Red Cabbage. “This Vegetable Has Everything!”

Stefon, SNL’s city correspondent, is gone. However, the memory of him describing New York’s hottest new clubs lives on. (Photo credits: But, what if Stefon wasn’t really gone? What if he simply changed jobs, packed up from 30 Rockefeller and sashayed down the street to the Food Network? I love the thought of him reviewing a vegetable, perhaps red cabbage. I can almost hear his demure, raspy voice. 

“Red cabbage. This veggie has everything: fiber, more vitamin C than you can imagine, antioxidants and a bold color like Prince’s coat. This veggie’s got your back. It will lower your cholesterol, fight off inflammation and protect your tummy. And if that isn’t enough for you, if you are willing to wait a little, a secret weapon will create compounds to protect you from cancer.”

It’s true. This vegetable does have everything.

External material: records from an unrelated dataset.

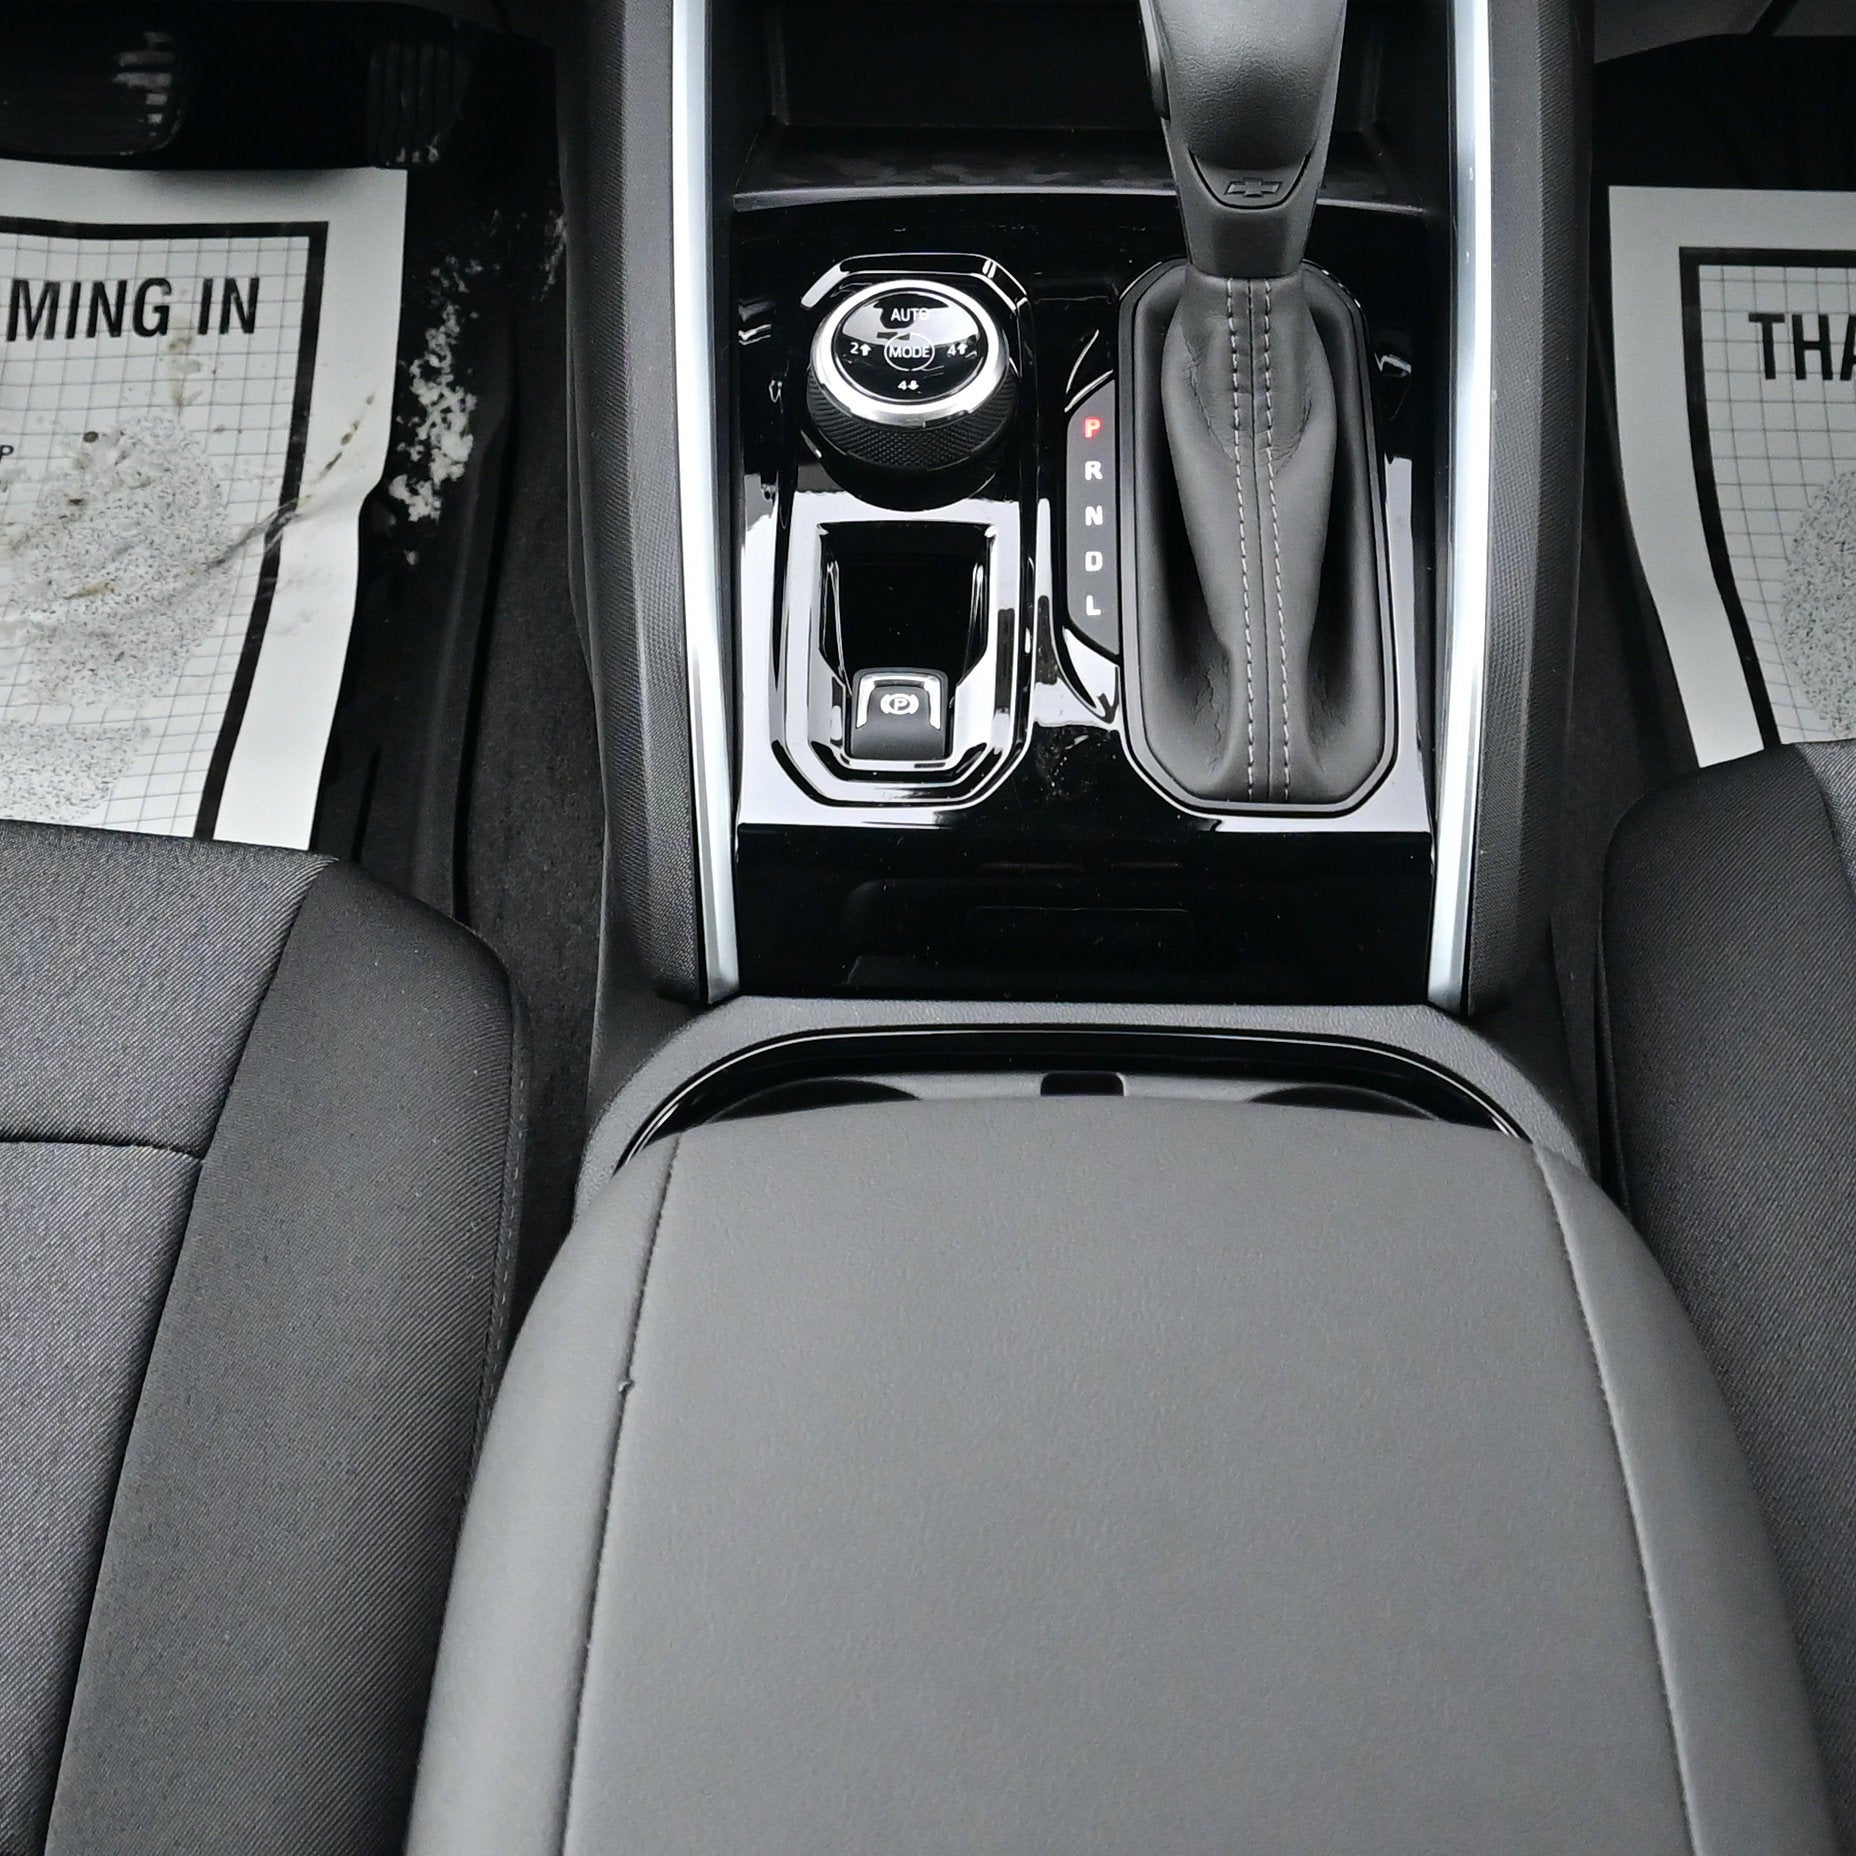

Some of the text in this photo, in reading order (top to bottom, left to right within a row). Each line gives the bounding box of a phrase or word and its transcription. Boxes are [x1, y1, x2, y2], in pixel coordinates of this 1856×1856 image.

[195, 275, 262, 336] IN
[890, 307, 928, 321] AUTO
[888, 345, 931, 358] MODE
[1084, 418, 1100, 437] P
[1084, 460, 1101, 480] R
[1084, 505, 1102, 525] N
[1085, 550, 1102, 570] D
[1086, 595, 1100, 615] L
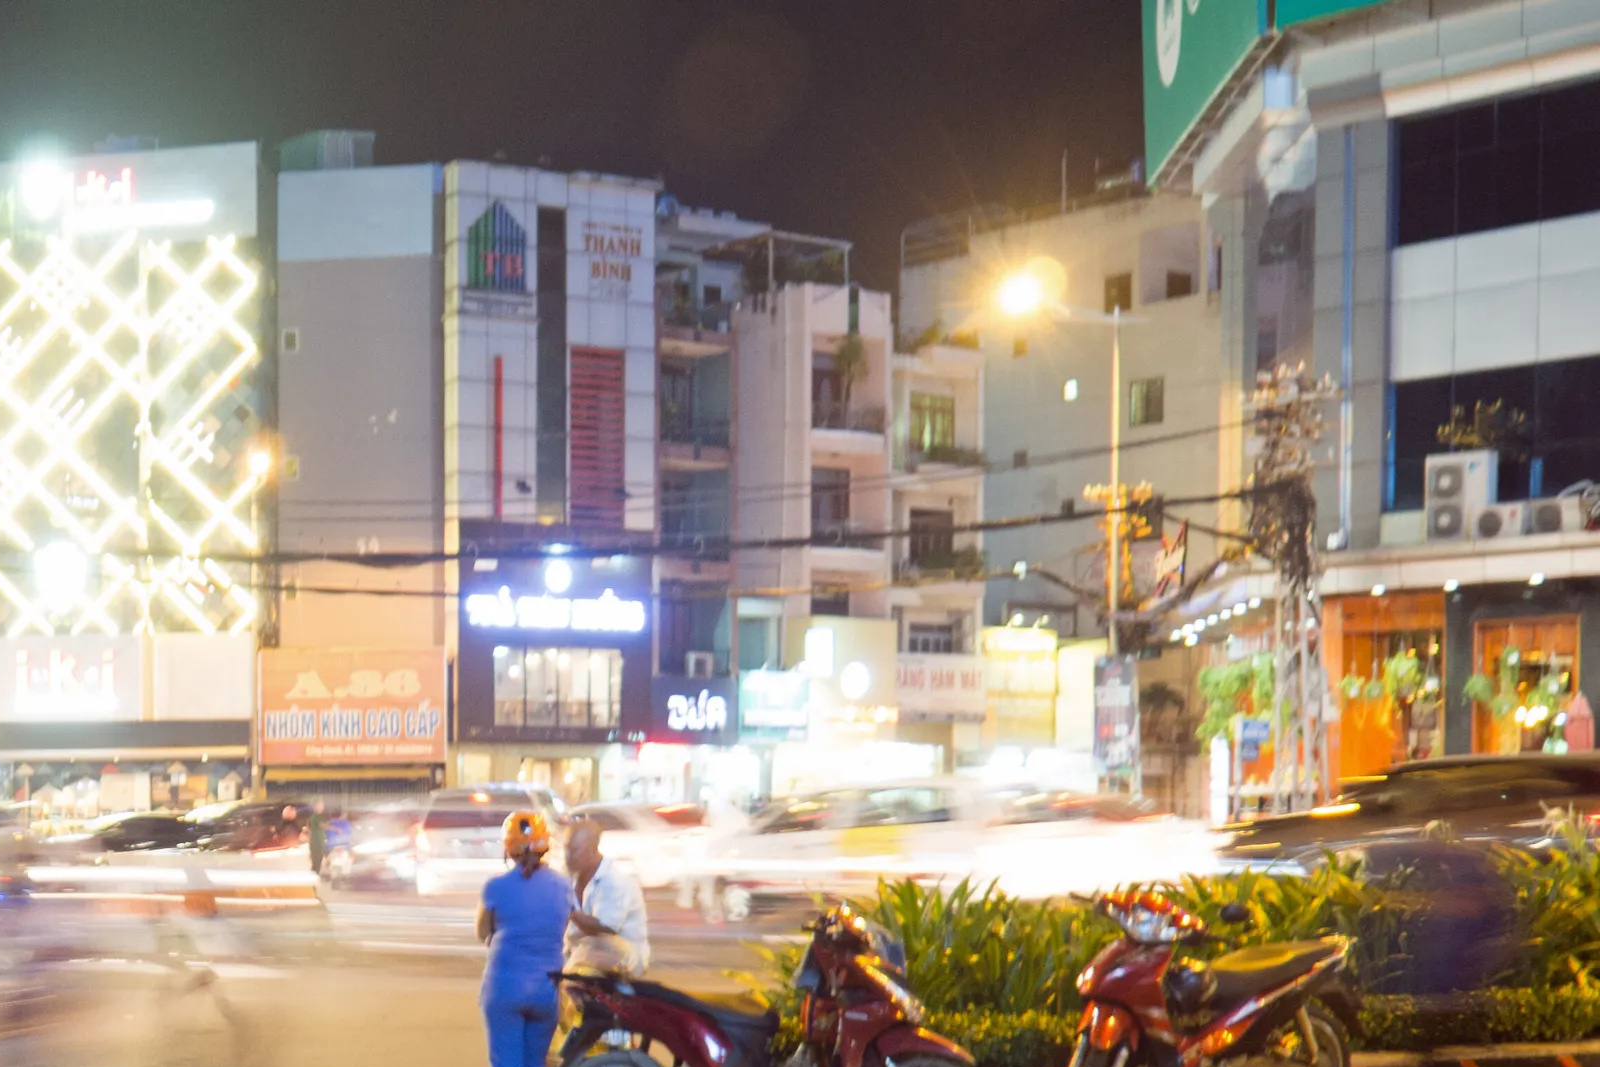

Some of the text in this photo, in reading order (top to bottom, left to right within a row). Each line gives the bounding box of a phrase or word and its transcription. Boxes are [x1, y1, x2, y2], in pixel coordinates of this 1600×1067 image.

[583, 233, 642, 257] THANH
[265, 697, 440, 739] NHÔM KÍNH CAO CẤP

  • Antioxidants: The regal color of red cabbage comes from its high level of anthocyanins, a type of antioxidant commonly found in blue, purple, and red plants. Studies show these antioxidants can reduce inflammation, provide cancer protection, and boost brain function.
  • Cabbage lowers cholesterol levels. The fiber-related nutrients in cabbage bind together with bile acids in the intestine, which then pass out of your body in a bowel movement. When this happens, your liver needs to replace the lost bile acids by drawing upon your existing supply of cholesterol, dropping your cholesterol level. Cabbage provides this cholesterol-lowering benefit whether it is raw or cooked.[1]
  • Cancer Protection: Red cabbage is one of the best dietary sources of glucosinolates, sulfur-based compounds which provide protection from cancer. An enzyme called myrosinase converts glucosinolates into compounds called isothiocyanates (ICTs), which some studies suggest inhibit the growth of cancer cells, aiding in the prevention of bladder, breast, colon and prostate cancer.[2][3]
  • Digestive Health: ITCs also benefit the digestive tract by helping regulate the bacterial populations of Helicobacter pylori inside the stomach. These bacteria are normal stomach inhabitants, but their populations can become too large and they can latch onto the stomach lining. The ITCs generated from cabbage’s glucosinolates can lower this risk.[4]
  • Myrosinase: Maximize the health benefits of cabbage by letting it rest for 5-10 minutes between chopping or slicing and cooking. Once the cells in cabbage have been broken apart through slicing, shredding, or chopping, the myrosinase enzymes in those cells can become active in converting the glucosinolates in cabbage into ITCs.[5]
  • General Nutrition: Cabbage is an excellent source of fiber, vitamin C and vitamin K, potassium and manganese, and also contains thiamine, riboflavin, folate, calcium, iron, and magnesium.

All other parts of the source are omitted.